29 de septiembre de 2022, 4:00 AM
29 de septiembre de 2022, 4:00 AM

El Gobierno nacional ha sorprendido al país con una nueva política respecto del uso del gas natural que parece ir en contrarruta de su propio discurso nacionalizador y de impulso a la actividad productiva del país.

A través del decreto supremo 4749 decidió que en el plazo de un año las industrias bolivianas tendrán que dejar de usar el gas natural en la generación de electricidad y esos volúmenes se destinarán a la exportación, para mejorar los ingresos del Estado.

La primera reacción de los industriales fue de preocupación, porque entienden que con una medida de esa naturaleza se atentará contra la producción nacional y el bolsillo de la población, que sufrirá el traslado del encarecimiento de los costos de producción.

Actualmente, las industrias nacionales reciben el gas a precios subsidiados que van desde $us 1,86 a 2,51 por millar de pie cúbico. Los precios de esa misma unidad de volumen para la exportación fluctúan entre los $us 4,95 y 10,5.

El cambio se aprobó, dice el decreto, en el marco del principio de eficiencia y con la finalidad de garantizar a corto, mediano y largo plazo la seguridad energética, satisfaciendo adecuadamente la demanda nacional de hidrocarburos.

Un detalle de precisión que es necesario apuntar del decreto es que si bien reconoce el uso de gas natural como combustible en establecimientos industriales que tienen como finalidad la transformación de las materias primas en productos elaborados, lo que ya no se permitirá es que este energético se utilice de manera complementaria en la generación de electricidad para el consumo industrial.

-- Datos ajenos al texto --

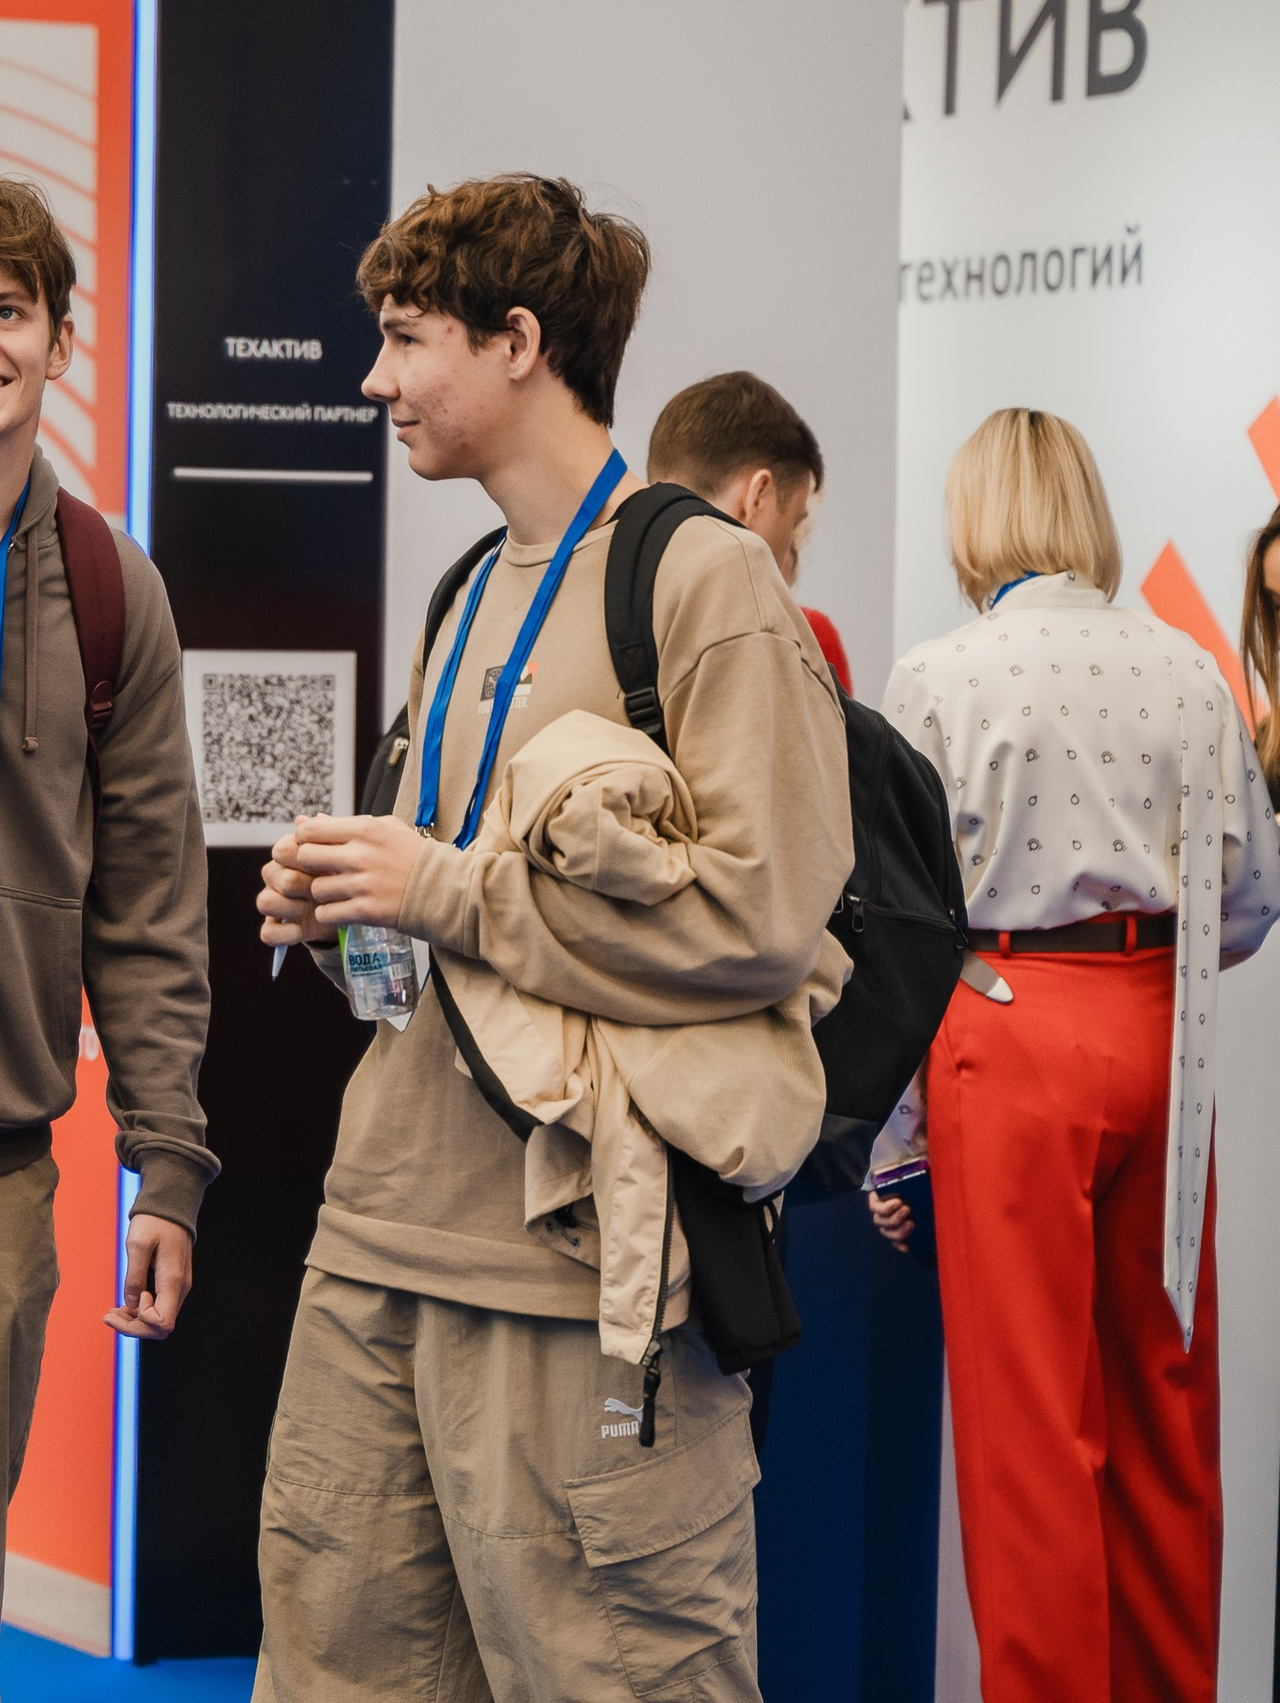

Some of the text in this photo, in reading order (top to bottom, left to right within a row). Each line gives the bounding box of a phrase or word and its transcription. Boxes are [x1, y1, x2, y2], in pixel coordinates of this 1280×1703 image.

[902, 0, 1148, 121] ТИВ
[225, 336, 323, 362] ТЕХАКТИВ
[167, 402, 379, 424] ТЕХНОЛОГИЧЕСКИЙ ПАРТНЕР
[349, 953, 380, 966] ВОДА
[601, 1420, 640, 1439] PUMA

La Cámara de Industria, Comercio, Servicios y Turismo de Santa Cruz (Cainco) cuestionó la contradicción en que incurre el Gobierno nacional, que en 2014 -con otro presidente pero con el mismo partido en el poder- pidió al sector privado que invierta en la instalación de sus propias generadoras eléctricas que funcionan con gas. Y ahora lo que estaría provocando con el decreto es que cierren esas plantas, en las que la empresa privada invirtió buenas cantidades de recursos económicos.

El decreto señala un año como plazo máximo para que las empresas se adecuen a la nueva normativa.

Como detalle excepcional, se contempla que los equipos de generación de energía eléctrica que funcionan con gas podrán ser utilizados como respaldo únicamente en caso de existir fallas en el sistema interconectado nacional de energía eléctrica y solo mientras dure el evento accidental.

El giro en la política de uso del gas natural en el consumo interno de la industria para generar energía eléctrica es cuando menos polémico. Pone en entredicho el objetivo boliviano, como de cualquier país, de generar condiciones para que el sector privado produzca y con ello genere empleo, excedentes, exportación, ingreso de divisas y dé movimiento a la economía.

La medida deja en evidencia también, una vez más, que el gas se está terminando en el país y que a estas alturas ni siquiera alcanza para cumplir con los compromisos internacionales de venta a Argentina y Brasil.

El Gobierno bien pudo quitar la subvención del gas al sector industrial y cobrarle, si es necesario, los mismos precios a los que se comercializa el energético a los países vecinos. Lo que queda claro es que cuando las empresas comiencen a dejar de utilizar gas en la generación de electricidad, los precios de sus productos subirán, y quienes sufrirán ese efecto de manera inmediata serán los consumidores.